Picture This: The Art of Looking Like a Scientist

Emily Wheater // Earlier this year, the Wellcome Trust in the UK announced their new Photography Prize. They call on photographers to share, uncover, and disseminate new insights into medicine and healthcare at several levels of resolution: the global and social, technological, and biological. The Awards are a celebration of photography intersecting with science to communicate complex ideas and realities through the medium of vision.  In the scientific tradition since Muybridge’s galloping horses, photography has become crucial for the recording and dissemination of science. Its influence can be observed in any scientific journal and thousands of biomedical images showing our bodies’ organs, cells, and molecules; the principles of exposure, resolution and magnification capturing experimental data and (hopefully) reflecting scientific truth.
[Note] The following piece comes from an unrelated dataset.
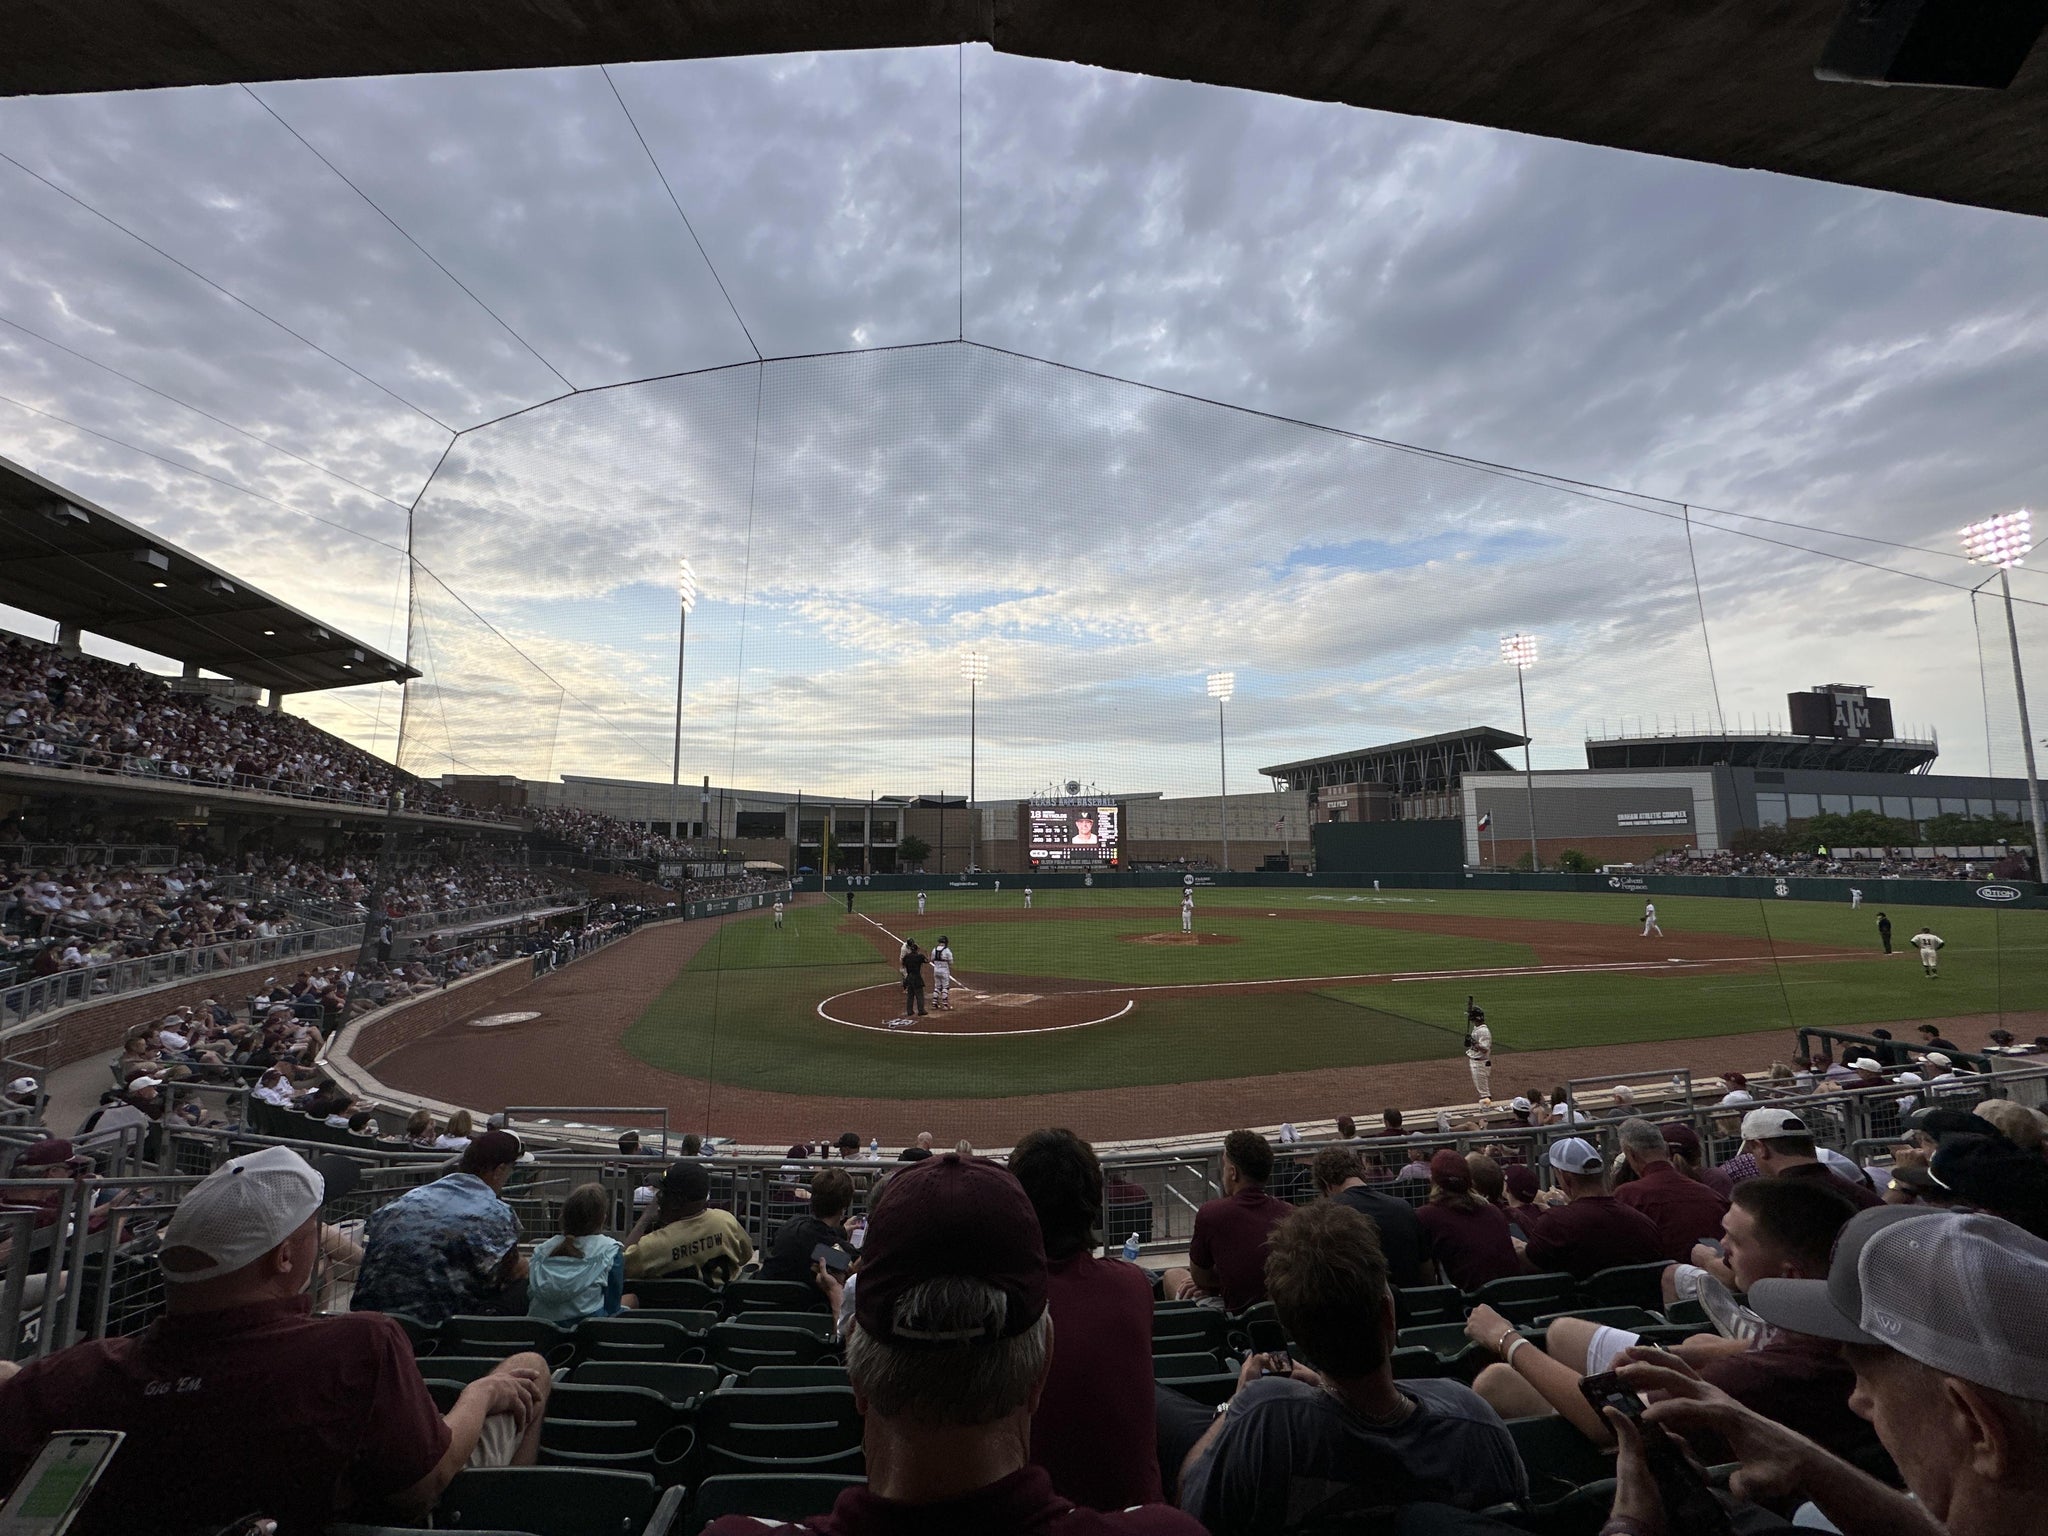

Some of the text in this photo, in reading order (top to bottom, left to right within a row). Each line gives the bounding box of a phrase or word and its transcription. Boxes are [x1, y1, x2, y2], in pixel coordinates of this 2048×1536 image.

[1029, 798, 1057, 806] TEXAS
[1077, 798, 1118, 806] BASEBALL
[1030, 810, 1042, 819] 18
[672, 1232, 723, 1260] BRISTOW
In science, Emile Zola’s pronouncement that “You cannot claim to have really seen something until you have photographed it” acquires a stark literality.

Considering how important images and imaging are to the modern scientist, one could reasonably assume that learning how to read, interpret and construct images was a crucial element of scientific education. Indeed, as this is a visual world with arguably the majority of our culture communicated through watching, glimpsing, and looking, one could reasonably assume that this was an important skill for anyone. Ramon y Cajal, a Nobel prize-winning neuroscientist of the 19th-20thC (as well as an artist and photographer) said: “A graphic representation of the object guarantees the exactness of the observation itself”.  All that is well and good, providing you know how to handle the graphic representation.
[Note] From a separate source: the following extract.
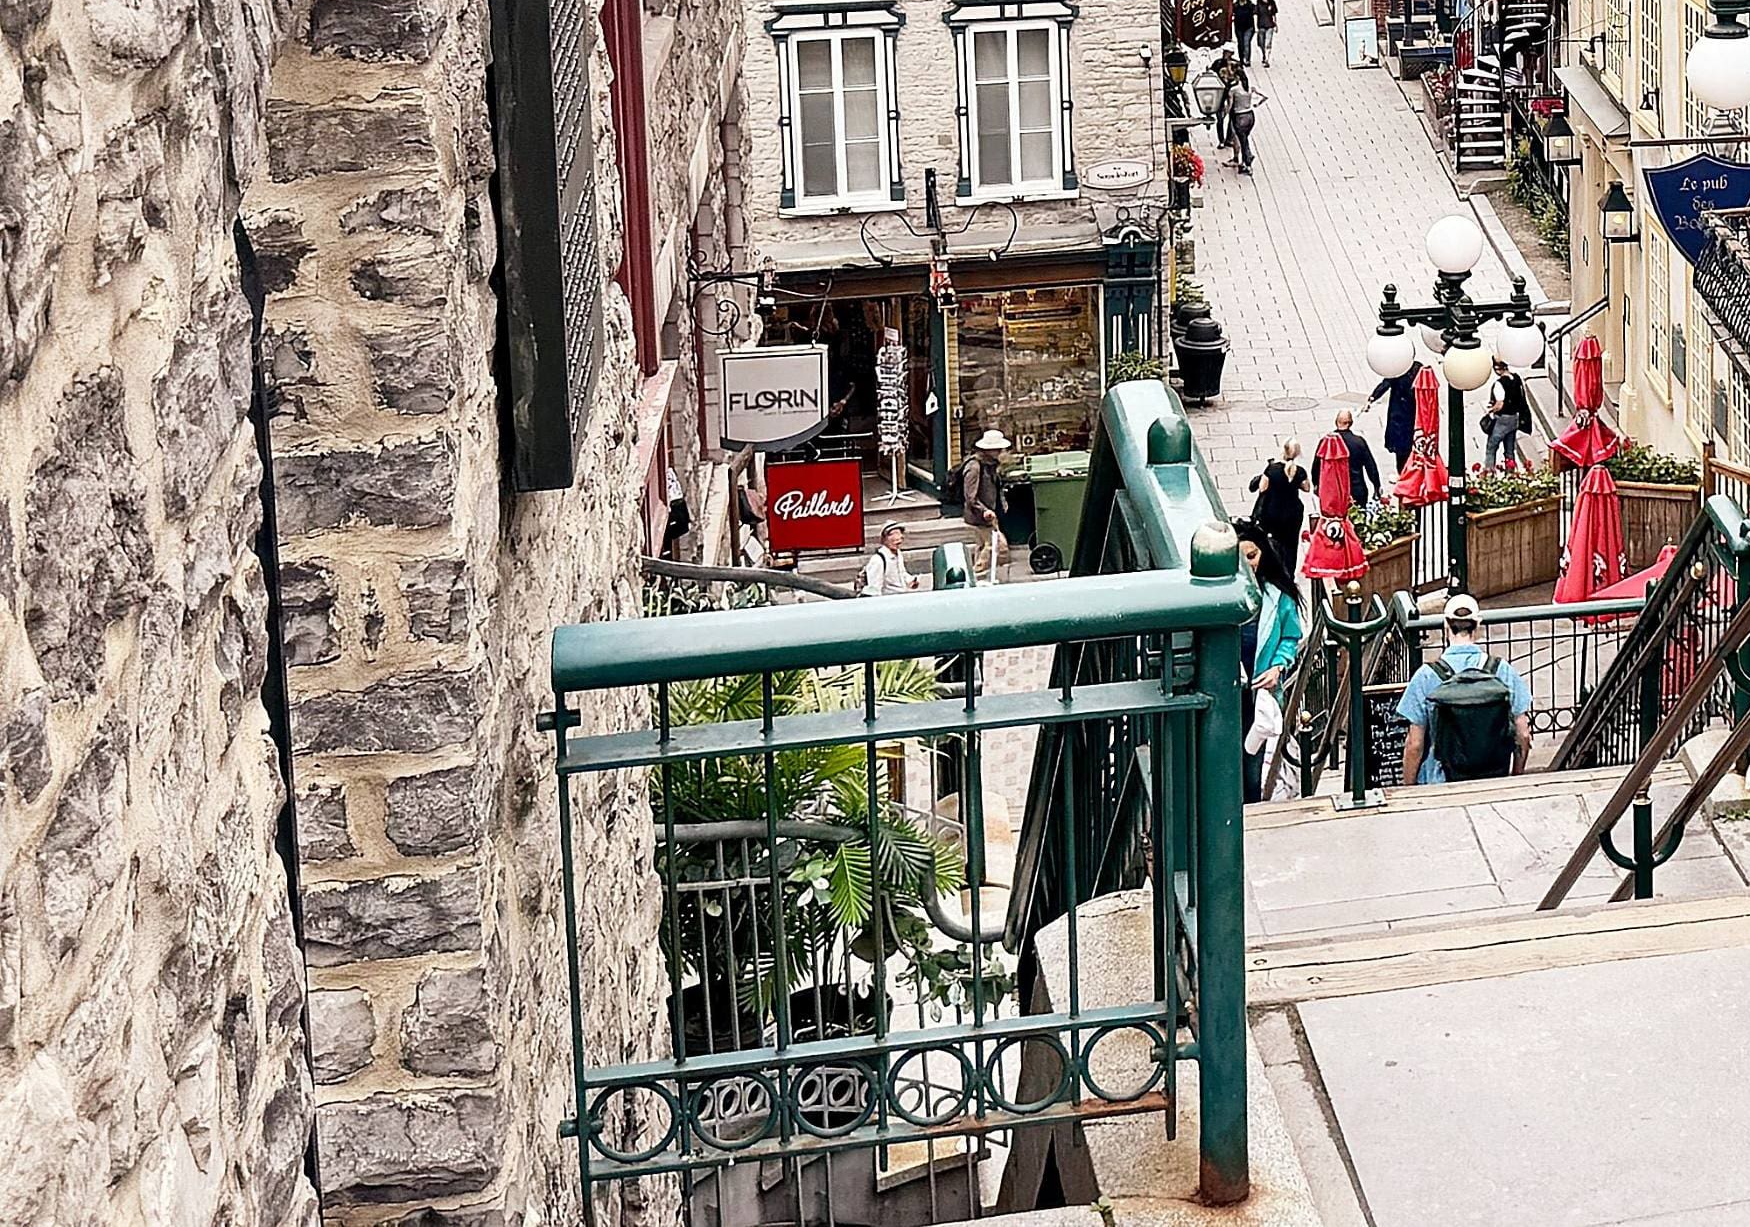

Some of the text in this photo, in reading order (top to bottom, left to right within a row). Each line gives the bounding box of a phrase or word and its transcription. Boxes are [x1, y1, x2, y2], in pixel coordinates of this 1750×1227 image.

And so, it was troubling when, in 2016, the UK’s History of Art A-level was threatened with being axed. It was, after much uproar, saved. But the episode reflected a wider pattern: of the arts and humanities being regarded as ‘soft’ subjects.  But in my own experience at school and degree level, science education involved – in essence – rote-learning and not much else besides. In university lectures you received material and learnt it. When it came to exams, you put everything relevant that you’d learnt into your answer, and so onwards. I began to suspect that this was not an education to hone my scientific thinking, or any kind of thinking for that matter. Certainly, my memory was tested – but that was pretty much it. As my degree progressed, I became increasingly uneasy: where might I find the skills I needed to investigate the world scientifically?

It was in a journal club that I realised the answer. It was my masters degree, and the first time that I really had to critique a scientific figure and present it to peers and lecturers.

I looked at it and I panicked. Where should I start? The figure legend? Yes, I thought, I’ll read the legend. That should help. I read it. I was not enlightened. Perhaps the main text would tell me? I read the main text. There I found an interpretation of what the image said. Helpful, but I would only be taking the authors’ word for it – and that was not the point at all.

It was shocking to realise that I had never done this before – not in a scientific setting. For so long, I had had to demonstrate scientific acumen through what I knew, not through what I saw, nor my ability to say what I saw. I felt a powerful sense of unease, almost of blindness, such was my lack of faith in my own eyes.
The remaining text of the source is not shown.